Take, for example, the failure to ratify the Council of Europe Convention on Action against Trafficking in Human Beings. This, entirely sensible, international agreement ensures that women who have been trafficked into the sex trade are given medical support and counselling rather than simply being thrown out of the country. It is controversial for the Government because it allows a cooling-off period of 30 days before victims can be deported.

Yet the point of the breathing space is to allow those who have suffered the evil of human trafficking to escape their abusers and agree to co-operate with the authorities. There is evidence that, until recently, police investigations were languishing - and gang-masters escaping - because the immigration authorities were deporting trafficked women as soon as they could, without investigating their evidence. Though the Home Office now says this problem is solved, it could not have arisen had the convention been in place.

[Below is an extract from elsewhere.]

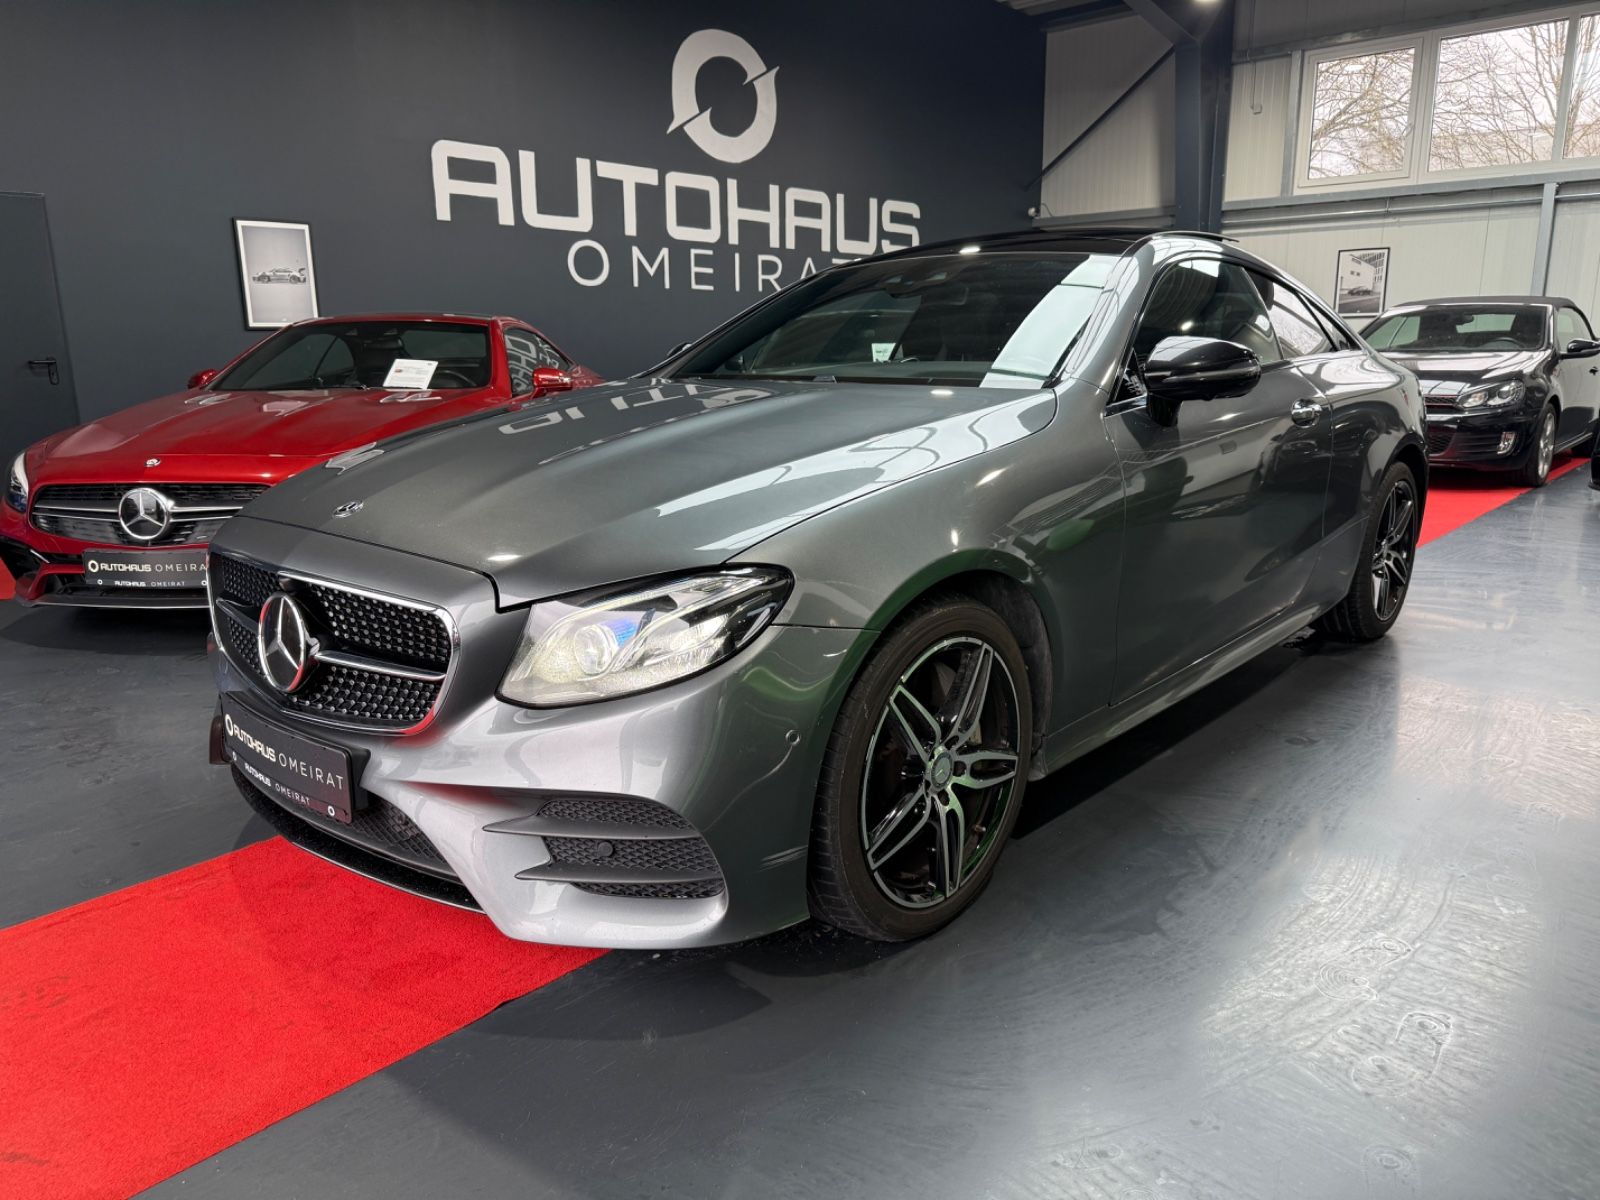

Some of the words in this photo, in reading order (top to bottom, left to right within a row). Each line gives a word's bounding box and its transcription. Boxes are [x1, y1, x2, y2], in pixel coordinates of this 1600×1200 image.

Incredibly, the Government has also fought shy of agreeing a declaration to ensure that migrant workers are afforded basic human rights and are not forced into any form of slavery. Too often the political reflex has been to ratchet up the rhetoric, however counter-productive the outcome.

But serious consequences flow from this disastrous loss of perspective. Basic standards once taken for granted are swept aside in the rush to crack down on illegal migration. As the European Parliament report shows, around the EU, "policies to address illegal immigration have moved so far as to curtail the ability of asylum-seekers to exercise their human rights".

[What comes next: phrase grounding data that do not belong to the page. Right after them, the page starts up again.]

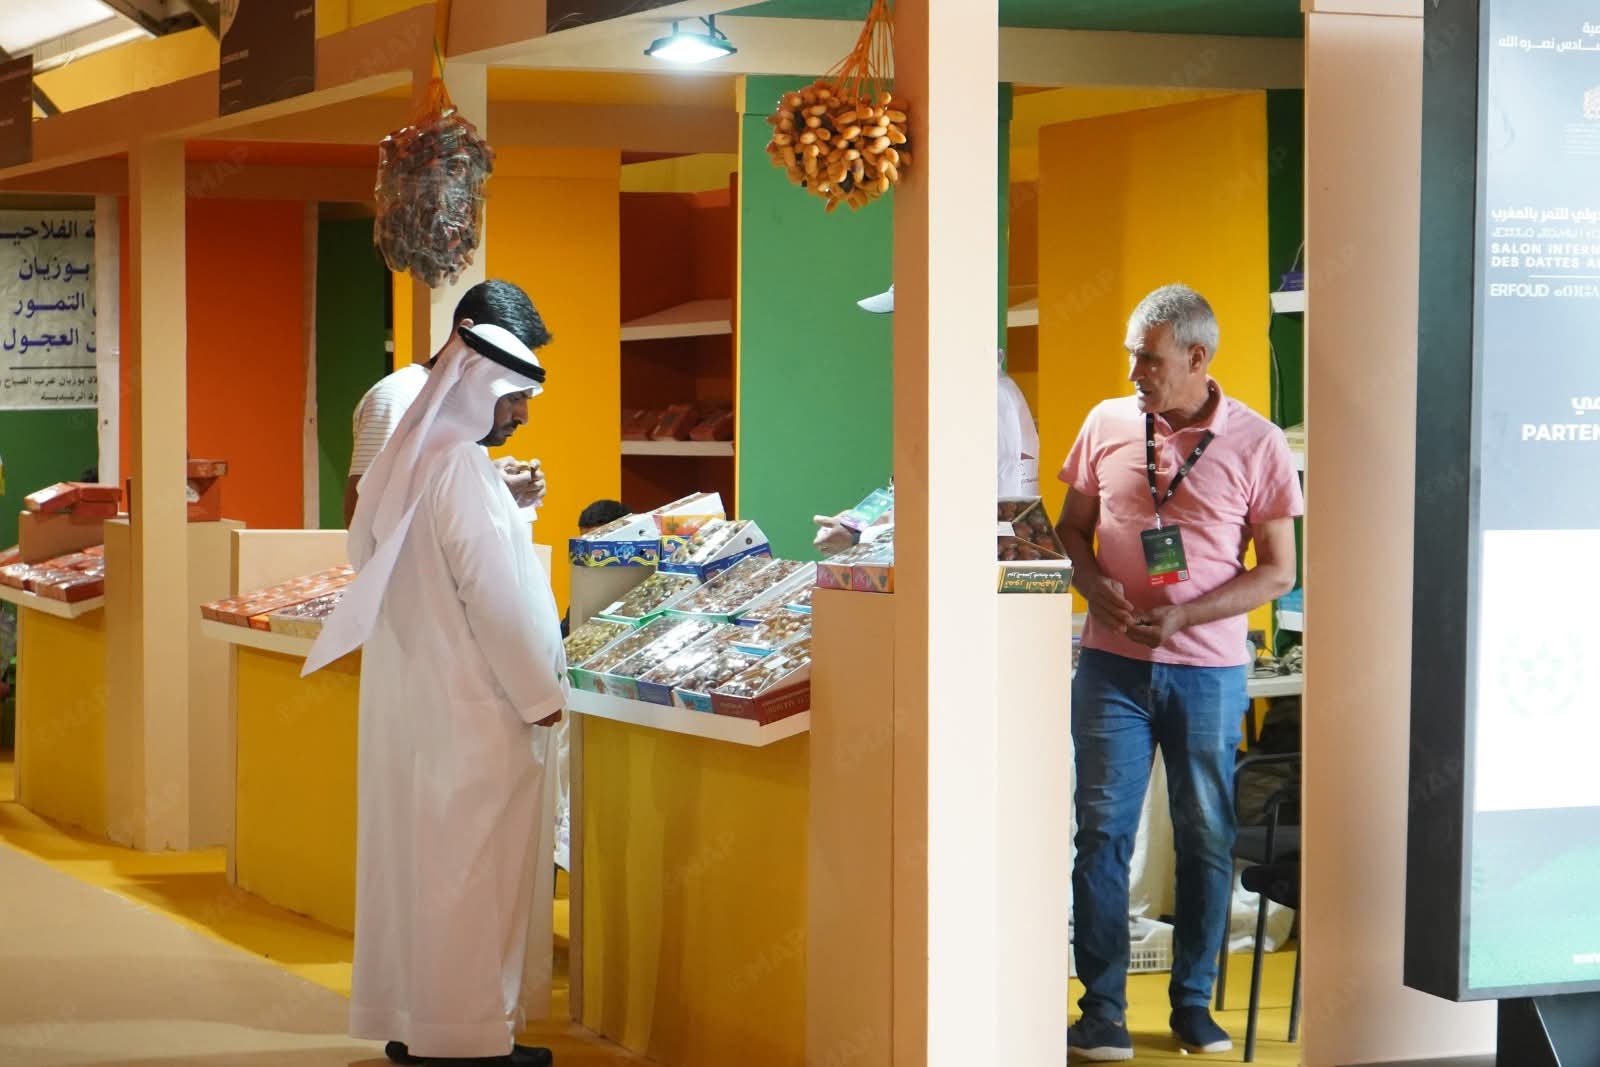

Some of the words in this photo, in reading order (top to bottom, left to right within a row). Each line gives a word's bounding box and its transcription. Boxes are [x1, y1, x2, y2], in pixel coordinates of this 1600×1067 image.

[1498, 35, 1518, 48] الله
[1491, 243, 1542, 254] SALON
[1491, 256, 1520, 268] DES
[1525, 256, 1579, 268] DATTES
[1490, 283, 1549, 297] ERFOUD
[14, 292, 85, 318] التمور
[3, 328, 79, 354] العجول
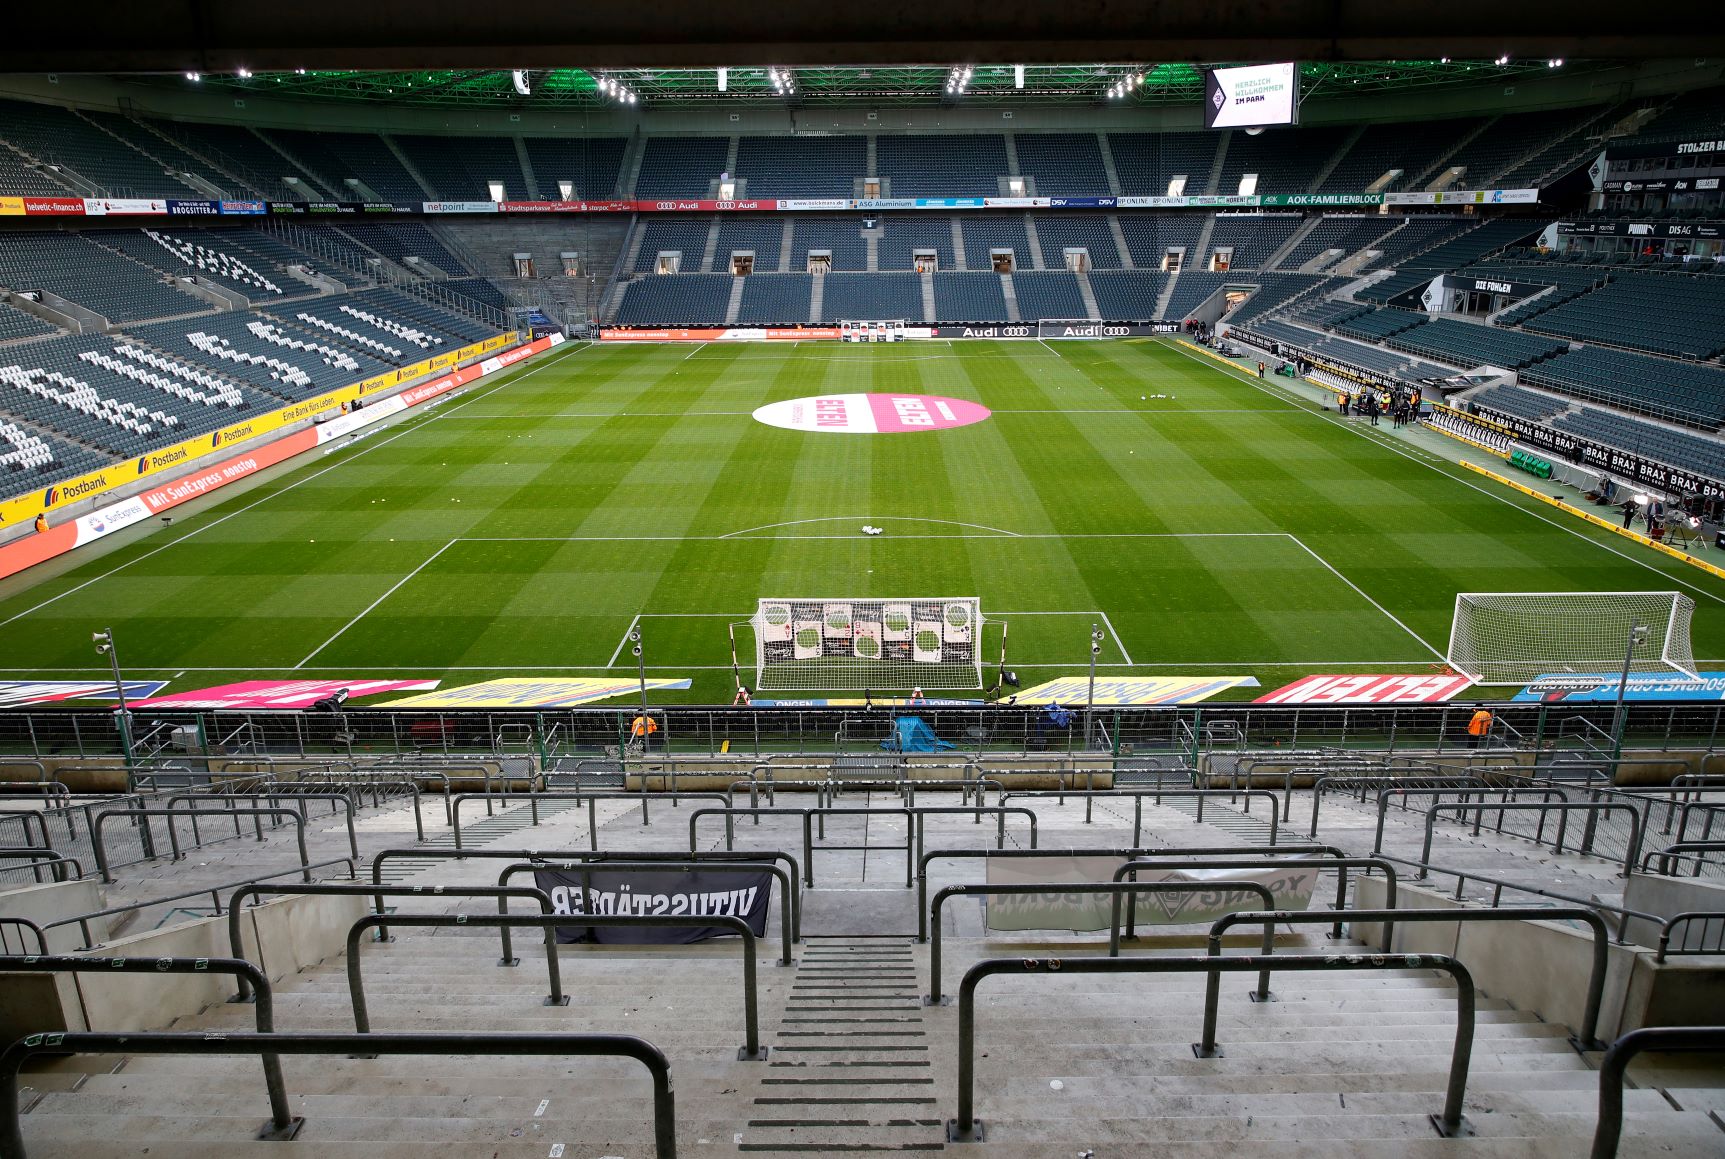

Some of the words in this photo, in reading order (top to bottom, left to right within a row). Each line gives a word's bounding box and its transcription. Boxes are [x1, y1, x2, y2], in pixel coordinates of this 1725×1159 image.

[1235, 78, 1271, 89] HERZLICH
[1235, 84, 1284, 97] WILLKOMMEN
[1246, 95, 1265, 103] PARK
[1677, 141, 1715, 154] STOLZER
[1287, 195, 1381, 204] AOK-FAMILIENBLOCK
[26, 202, 83, 212] helvetic-finance.ch
[428, 203, 464, 212] netpoint
[1628, 224, 1648, 234] PUMA
[1475, 280, 1486, 290] DIE
[1486, 281, 1512, 294] FOHLEN
[962, 327, 998, 338] Audi
[1063, 326, 1099, 336] Audi
[366, 378, 384, 392] Postbank
[282, 412, 294, 422] Eine
[295, 408, 308, 416] Bank
[320, 397, 335, 408] Leben
[1479, 412, 1494, 422] BRAX
[1496, 416, 1514, 428] BRAX
[224, 424, 253, 443] Postbank
[1514, 423, 1532, 436] BRAX
[1534, 430, 1554, 443] BRAX
[1555, 437, 1576, 450] BRAX
[152, 446, 188, 468] Postbank
[1586, 447, 1608, 462] BRAX
[1612, 456, 1636, 470] BRAX
[1640, 464, 1666, 481] BRAX
[62, 475, 106, 500] Postbank
[147, 488, 166, 508] Mit
[167, 471, 222, 502] SunExpress
[222, 457, 257, 478] nonstop
[1670, 474, 1699, 492] BRAX
[105, 504, 142, 524] SunExpress
[1264, 676, 1461, 703] ELTEN

Meanwhile the ability of the UK to act as a beacon of human rights on the international stage is fatally weakened. As yesterday's report puts it: "To have credibility on the international stage, EU member states need to be firm in setting dates for the ratification of all key human rights conventions and their optional protocols." For example, the UK's international stand against child soldiers is compromised by its incomplete endorsement of the relevant convention (a problem for the Ministry of Defence because it recruits from the age of 16). More generally, the world's more odious regimes have an easy retort when lectured by Britain on matching international agreements: practise what you preach.

Other European countries are not much better. When a visa ban was slapped on Uzbekistan last year, it was flouted by Germany which gave the country's interior minister a visa to visit for medical treatment days before the blacklist was published. The EU's human rights "dialogue" with China takes place, it emerges, without simultaneous interpretation. Some dialogue.